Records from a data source

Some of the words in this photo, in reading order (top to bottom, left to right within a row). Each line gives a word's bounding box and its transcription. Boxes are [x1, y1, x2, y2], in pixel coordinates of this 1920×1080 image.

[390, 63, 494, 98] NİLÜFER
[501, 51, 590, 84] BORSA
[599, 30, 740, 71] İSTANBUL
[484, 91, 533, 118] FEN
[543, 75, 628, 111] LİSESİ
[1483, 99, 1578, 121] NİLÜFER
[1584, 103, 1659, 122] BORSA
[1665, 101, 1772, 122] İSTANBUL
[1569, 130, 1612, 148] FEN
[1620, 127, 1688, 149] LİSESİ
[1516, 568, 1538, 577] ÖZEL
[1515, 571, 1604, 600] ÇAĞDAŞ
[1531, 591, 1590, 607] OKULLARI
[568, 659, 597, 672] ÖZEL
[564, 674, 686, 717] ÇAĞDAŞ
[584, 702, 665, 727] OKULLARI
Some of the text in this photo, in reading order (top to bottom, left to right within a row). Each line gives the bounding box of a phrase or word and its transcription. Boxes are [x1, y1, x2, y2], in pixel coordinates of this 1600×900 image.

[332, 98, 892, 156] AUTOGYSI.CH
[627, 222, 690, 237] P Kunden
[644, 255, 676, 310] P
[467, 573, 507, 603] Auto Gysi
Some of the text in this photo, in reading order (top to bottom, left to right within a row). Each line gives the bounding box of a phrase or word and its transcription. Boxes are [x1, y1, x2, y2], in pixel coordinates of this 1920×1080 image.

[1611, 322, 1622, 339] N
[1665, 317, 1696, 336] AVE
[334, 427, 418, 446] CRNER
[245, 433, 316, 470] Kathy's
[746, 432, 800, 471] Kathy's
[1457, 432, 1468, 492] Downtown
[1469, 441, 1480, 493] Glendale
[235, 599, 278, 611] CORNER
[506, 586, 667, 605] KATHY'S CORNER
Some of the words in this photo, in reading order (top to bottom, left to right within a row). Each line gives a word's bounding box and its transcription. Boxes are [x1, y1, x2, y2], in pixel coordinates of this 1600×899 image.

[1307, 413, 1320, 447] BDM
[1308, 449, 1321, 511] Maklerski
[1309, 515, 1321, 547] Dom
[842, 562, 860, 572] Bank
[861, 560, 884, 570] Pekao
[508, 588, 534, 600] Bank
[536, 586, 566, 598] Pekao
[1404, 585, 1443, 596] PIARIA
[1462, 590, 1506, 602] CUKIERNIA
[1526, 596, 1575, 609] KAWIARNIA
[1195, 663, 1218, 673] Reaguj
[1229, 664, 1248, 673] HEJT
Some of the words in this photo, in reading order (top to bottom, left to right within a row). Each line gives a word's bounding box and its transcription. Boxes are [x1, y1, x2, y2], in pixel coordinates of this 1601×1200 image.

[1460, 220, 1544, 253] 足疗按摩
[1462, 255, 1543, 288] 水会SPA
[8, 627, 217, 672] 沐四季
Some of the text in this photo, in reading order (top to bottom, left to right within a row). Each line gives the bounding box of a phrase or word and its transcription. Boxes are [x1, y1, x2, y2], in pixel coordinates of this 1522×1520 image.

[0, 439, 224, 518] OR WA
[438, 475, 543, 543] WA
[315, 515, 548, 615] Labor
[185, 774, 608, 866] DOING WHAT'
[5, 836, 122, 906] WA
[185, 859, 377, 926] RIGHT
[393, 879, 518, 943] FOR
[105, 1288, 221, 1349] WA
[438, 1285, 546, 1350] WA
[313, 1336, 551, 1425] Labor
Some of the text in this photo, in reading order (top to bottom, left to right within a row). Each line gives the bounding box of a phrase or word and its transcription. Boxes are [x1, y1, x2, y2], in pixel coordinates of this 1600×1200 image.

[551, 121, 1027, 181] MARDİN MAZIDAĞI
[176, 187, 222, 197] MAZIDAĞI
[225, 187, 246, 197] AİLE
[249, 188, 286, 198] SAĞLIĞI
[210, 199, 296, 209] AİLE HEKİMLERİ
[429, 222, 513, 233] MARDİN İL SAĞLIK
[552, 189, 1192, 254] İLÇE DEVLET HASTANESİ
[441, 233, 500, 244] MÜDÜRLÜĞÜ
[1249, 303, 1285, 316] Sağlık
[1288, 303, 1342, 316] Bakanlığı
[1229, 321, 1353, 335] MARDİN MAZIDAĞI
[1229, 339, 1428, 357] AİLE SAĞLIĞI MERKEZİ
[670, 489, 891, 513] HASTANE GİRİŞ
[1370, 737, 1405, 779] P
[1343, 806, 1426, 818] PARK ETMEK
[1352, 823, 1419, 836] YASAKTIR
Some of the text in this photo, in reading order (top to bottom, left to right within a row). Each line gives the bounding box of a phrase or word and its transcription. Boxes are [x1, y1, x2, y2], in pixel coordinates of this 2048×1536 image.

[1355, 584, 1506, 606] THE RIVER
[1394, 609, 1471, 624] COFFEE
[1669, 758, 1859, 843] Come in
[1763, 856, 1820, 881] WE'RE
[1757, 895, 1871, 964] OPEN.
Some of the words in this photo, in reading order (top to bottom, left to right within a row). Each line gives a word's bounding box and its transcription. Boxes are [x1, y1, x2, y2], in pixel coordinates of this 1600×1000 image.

> [TASK PROMPT]
All lines of the data above must be repeated exactly.

> [ANSWER SECTION]
Some of the words in this photo, in reading order (top to bottom, left to right within a row). Each line gives a word's bounding box and its transcription. Boxes are [x1, y1, x2, y2], in pixel coordinates of this 1920×1080 image.

[390, 63, 494, 98] NİLÜFER
[501, 51, 590, 84] BORSA
[599, 30, 740, 71] İSTANBUL
[484, 91, 533, 118] FEN
[543, 75, 628, 111] LİSESİ
[1483, 99, 1578, 121] NİLÜFER
[1584, 103, 1659, 122] BORSA
[1665, 101, 1772, 122] İSTANBUL
[1569, 130, 1612, 148] FEN
[1620, 127, 1688, 149] LİSESİ
[1516, 568, 1538, 577] ÖZEL
[1515, 571, 1604, 600] ÇAĞDAŞ
[1531, 591, 1590, 607] OKULLARI
[568, 659, 597, 672] ÖZEL
[564, 674, 686, 717] ÇAĞDAŞ
[584, 702, 665, 727] OKULLARI
Some of the text in this photo, in reading order (top to bottom, left to right within a row). Each line gives the bounding box of a phrase or word and its transcription. Boxes are [x1, y1, x2, y2], in pixel coordinates of this 1600×900 image.

[332, 98, 892, 156] AUTOGYSI.CH
[627, 222, 690, 237] P Kunden
[644, 255, 676, 310] P
[467, 573, 507, 603] Auto Gysi
Some of the text in this photo, in reading order (top to bottom, left to right within a row). Each line gives the bounding box of a phrase or word and its transcription. Boxes are [x1, y1, x2, y2], in pixel coordinates of this 1920×1080 image.

[1611, 322, 1622, 339] N
[1665, 317, 1696, 336] AVE
[334, 427, 418, 446] CRNER
[245, 433, 316, 470] Kathy's
[746, 432, 800, 471] Kathy's
[1457, 432, 1468, 492] Downtown
[1469, 441, 1480, 493] Glendale
[235, 599, 278, 611] CORNER
[506, 586, 667, 605] KATHY'S CORNER
Some of the words in this photo, in reading order (top to bottom, left to right within a row). Each line gives a word's bounding box and its transcription. Boxes are [x1, y1, x2, y2], in pixel coordinates of this 1600×899 image.

[1307, 413, 1320, 447] BDM
[1308, 449, 1321, 511] Maklerski
[1309, 515, 1321, 547] Dom
[842, 562, 860, 572] Bank
[861, 560, 884, 570] Pekao
[508, 588, 534, 600] Bank
[536, 586, 566, 598] Pekao
[1404, 585, 1443, 596] PIARIA
[1462, 590, 1506, 602] CUKIERNIA
[1526, 596, 1575, 609] KAWIARNIA
[1195, 663, 1218, 673] Reaguj
[1229, 664, 1248, 673] HEJT
Some of the words in this photo, in reading order (top to bottom, left to right within a row). Each line gives a word's bounding box and its transcription. Boxes are [x1, y1, x2, y2], in pixel coordinates of this 1601×1200 image.

[1460, 220, 1544, 253] 足疗按摩
[1462, 255, 1543, 288] 水会SPA
[8, 627, 217, 672] 沐四季
Some of the text in this photo, in reading order (top to bottom, left to right within a row). Each line gives the bounding box of a phrase or word and its transcription. Boxes are [x1, y1, x2, y2], in pixel coordinates of this 1522×1520 image.

[0, 439, 224, 518] OR WA
[438, 475, 543, 543] WA
[315, 515, 548, 615] Labor
[185, 774, 608, 866] DOING WHAT'
[5, 836, 122, 906] WA
[185, 859, 377, 926] RIGHT
[393, 879, 518, 943] FOR
[105, 1288, 221, 1349] WA
[438, 1285, 546, 1350] WA
[313, 1336, 551, 1425] Labor
Some of the text in this photo, in reading order (top to bottom, left to right within a row). Each line gives the bounding box of a phrase or word and its transcription. Boxes are [x1, y1, x2, y2], in pixel coordinates of this 1600×1200 image.

[551, 121, 1027, 181] MARDİN MAZIDAĞI
[176, 187, 222, 197] MAZIDAĞI
[225, 187, 246, 197] AİLE
[249, 188, 286, 198] SAĞLIĞI
[210, 199, 296, 209] AİLE HEKİMLERİ
[429, 222, 513, 233] MARDİN İL SAĞLIK
[552, 189, 1192, 254] İLÇE DEVLET HASTANESİ
[441, 233, 500, 244] MÜDÜRLÜĞÜ
[1249, 303, 1285, 316] Sağlık
[1288, 303, 1342, 316] Bakanlığı
[1229, 321, 1353, 335] MARDİN MAZIDAĞI
[1229, 339, 1428, 357] AİLE SAĞLIĞI MERKEZİ
[670, 489, 891, 513] HASTANE GİRİŞ
[1370, 737, 1405, 779] P
[1343, 806, 1426, 818] PARK ETMEK
[1352, 823, 1419, 836] YASAKTIR
Some of the text in this photo, in reading order (top to bottom, left to right within a row). Each line gives the bounding box of a phrase or word and its transcription. Boxes are [x1, y1, x2, y2], in pixel coordinates of this 2048×1536 image.

[1355, 584, 1506, 606] THE RIVER
[1394, 609, 1471, 624] COFFEE
[1669, 758, 1859, 843] Come in
[1763, 856, 1820, 881] WE'RE
[1757, 895, 1871, 964] OPEN.
Some of the words in this photo, in reading order (top to bottom, left to right within a row). Each line gives a word's bounding box and its transcription. Boxes are [x1, y1, x2, y2], in pixel coordinates of this 1600×1000 image.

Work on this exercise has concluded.